Paul R. Ganci
ganci@nurdog.com
Sat Jan 14 18:45:32 UTC 2006
Vernon Schryver wrote:
>Why not let sendmail+dccm reject spam? Why complicate it by involving
>SpamAssassin?
>
Because of the chance of a false positive (FP). SpamAssassin allows one
to process the added DCC header to one's content. Therefore I have finer
control over what is considered spam. In this instance it is a "black &
white" decision made on something that actually is grey.

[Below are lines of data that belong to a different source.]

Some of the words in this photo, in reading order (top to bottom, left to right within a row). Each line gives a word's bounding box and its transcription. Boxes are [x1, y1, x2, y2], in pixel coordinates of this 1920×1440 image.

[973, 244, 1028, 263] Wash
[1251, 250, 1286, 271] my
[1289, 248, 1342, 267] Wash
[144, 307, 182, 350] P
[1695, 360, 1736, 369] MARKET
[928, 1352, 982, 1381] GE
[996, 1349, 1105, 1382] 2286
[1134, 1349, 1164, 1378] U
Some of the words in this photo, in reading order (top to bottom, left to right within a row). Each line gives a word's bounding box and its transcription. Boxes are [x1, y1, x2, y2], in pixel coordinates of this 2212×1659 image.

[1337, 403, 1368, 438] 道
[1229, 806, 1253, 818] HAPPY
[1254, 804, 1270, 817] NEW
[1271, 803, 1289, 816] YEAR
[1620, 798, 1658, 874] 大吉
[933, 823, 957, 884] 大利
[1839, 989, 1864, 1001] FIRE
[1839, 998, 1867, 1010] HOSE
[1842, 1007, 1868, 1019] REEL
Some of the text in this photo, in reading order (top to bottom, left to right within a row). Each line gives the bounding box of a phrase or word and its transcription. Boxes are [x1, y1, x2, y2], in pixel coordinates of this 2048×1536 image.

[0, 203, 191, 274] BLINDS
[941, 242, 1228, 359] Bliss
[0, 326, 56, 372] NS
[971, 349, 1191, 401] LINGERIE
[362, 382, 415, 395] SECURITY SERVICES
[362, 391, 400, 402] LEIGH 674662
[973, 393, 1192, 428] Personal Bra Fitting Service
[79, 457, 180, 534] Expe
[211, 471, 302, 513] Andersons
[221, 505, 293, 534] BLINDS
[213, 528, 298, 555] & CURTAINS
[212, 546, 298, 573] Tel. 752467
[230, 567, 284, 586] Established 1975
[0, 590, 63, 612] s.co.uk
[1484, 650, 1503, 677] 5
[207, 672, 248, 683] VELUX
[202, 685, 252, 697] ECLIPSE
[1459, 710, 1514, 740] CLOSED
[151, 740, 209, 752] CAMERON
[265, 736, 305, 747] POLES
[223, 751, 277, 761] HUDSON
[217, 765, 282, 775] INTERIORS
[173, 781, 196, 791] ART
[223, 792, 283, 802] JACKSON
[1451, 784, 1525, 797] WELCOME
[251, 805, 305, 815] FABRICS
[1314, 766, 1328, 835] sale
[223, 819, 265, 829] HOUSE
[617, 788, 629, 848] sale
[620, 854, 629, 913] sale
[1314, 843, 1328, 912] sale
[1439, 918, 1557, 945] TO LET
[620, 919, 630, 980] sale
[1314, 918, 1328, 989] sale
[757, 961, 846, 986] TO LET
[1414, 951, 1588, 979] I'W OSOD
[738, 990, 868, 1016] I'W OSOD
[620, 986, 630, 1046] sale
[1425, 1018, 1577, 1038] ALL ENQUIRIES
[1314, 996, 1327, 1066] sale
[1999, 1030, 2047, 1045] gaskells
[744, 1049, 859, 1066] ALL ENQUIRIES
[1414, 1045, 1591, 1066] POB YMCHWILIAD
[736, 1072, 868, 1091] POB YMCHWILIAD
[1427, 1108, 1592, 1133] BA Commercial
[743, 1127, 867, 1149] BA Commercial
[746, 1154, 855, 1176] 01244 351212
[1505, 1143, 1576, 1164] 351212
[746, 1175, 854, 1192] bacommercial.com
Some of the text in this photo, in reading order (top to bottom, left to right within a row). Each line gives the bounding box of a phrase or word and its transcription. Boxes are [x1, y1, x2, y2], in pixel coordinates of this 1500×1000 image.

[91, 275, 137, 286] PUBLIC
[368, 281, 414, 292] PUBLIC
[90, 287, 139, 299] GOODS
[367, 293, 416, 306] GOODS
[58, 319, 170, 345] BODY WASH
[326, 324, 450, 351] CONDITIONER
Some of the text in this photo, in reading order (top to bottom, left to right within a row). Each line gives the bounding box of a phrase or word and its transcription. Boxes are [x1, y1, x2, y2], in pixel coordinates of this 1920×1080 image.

>As I've said many times, I think is wrong. The right way to use the
>DCC has nothing to do with SpamAssassin. Assuming you are using sendmail,
>it consists of:
>
> - installing dccm as described in the INSTALL.txt or .html file
>
> - letting sendmail+dccm reject unsolicited bulk email
> To do that, sent DCCM_REJECT_AT in /var/dcc/dcc_conf to what
> you consider "bulk". Common choices range from 5 to 500, with
> small values appropriate for small sites
>
>
Okay one can do this but then what does one do with scores <
DCCM_REJECT_AT? Perhaps some percentage of that is spam too. Most
probably some percentage of rejected Email was legitimate. Effective
spam detection requires a multi-layered, multi-tool approach. Set
DCCM_REJECT_AT too low and you get FPs. Set it too high and you get too
much spam allowed in. I don't believe a single DCCM_REJECT_AT score
addresses this problem.
A while back I was asking about a two tier system where there were two
controls ... namely a DCCM_REJECT_AT control which DCC uses to reject
Email and a DCCM_BULK_AT control which DCC uses to only add a bulk
designation to the DCC header ... i.e. no rejection. Then I could set
the DCCM_REJECT_AT to a "large" value which would reject the most
obvious stuff with low risk for FP and let my SpamAssassin use the
"bulk" DCC header to determine what to do with stuff which was scored
DCCM_BULK_AT <= Score < DCCM_REJECT_AT. Email scored <DCCM_BULK_AT would
not be assessed any SpamaAssassin penalty. With two DCC controls I can
assert much finer influence over what is bulk and what isn't and make
the most efficient use of DCC and SpamAssassin together in regards to
the number of FPs found and computer resources used.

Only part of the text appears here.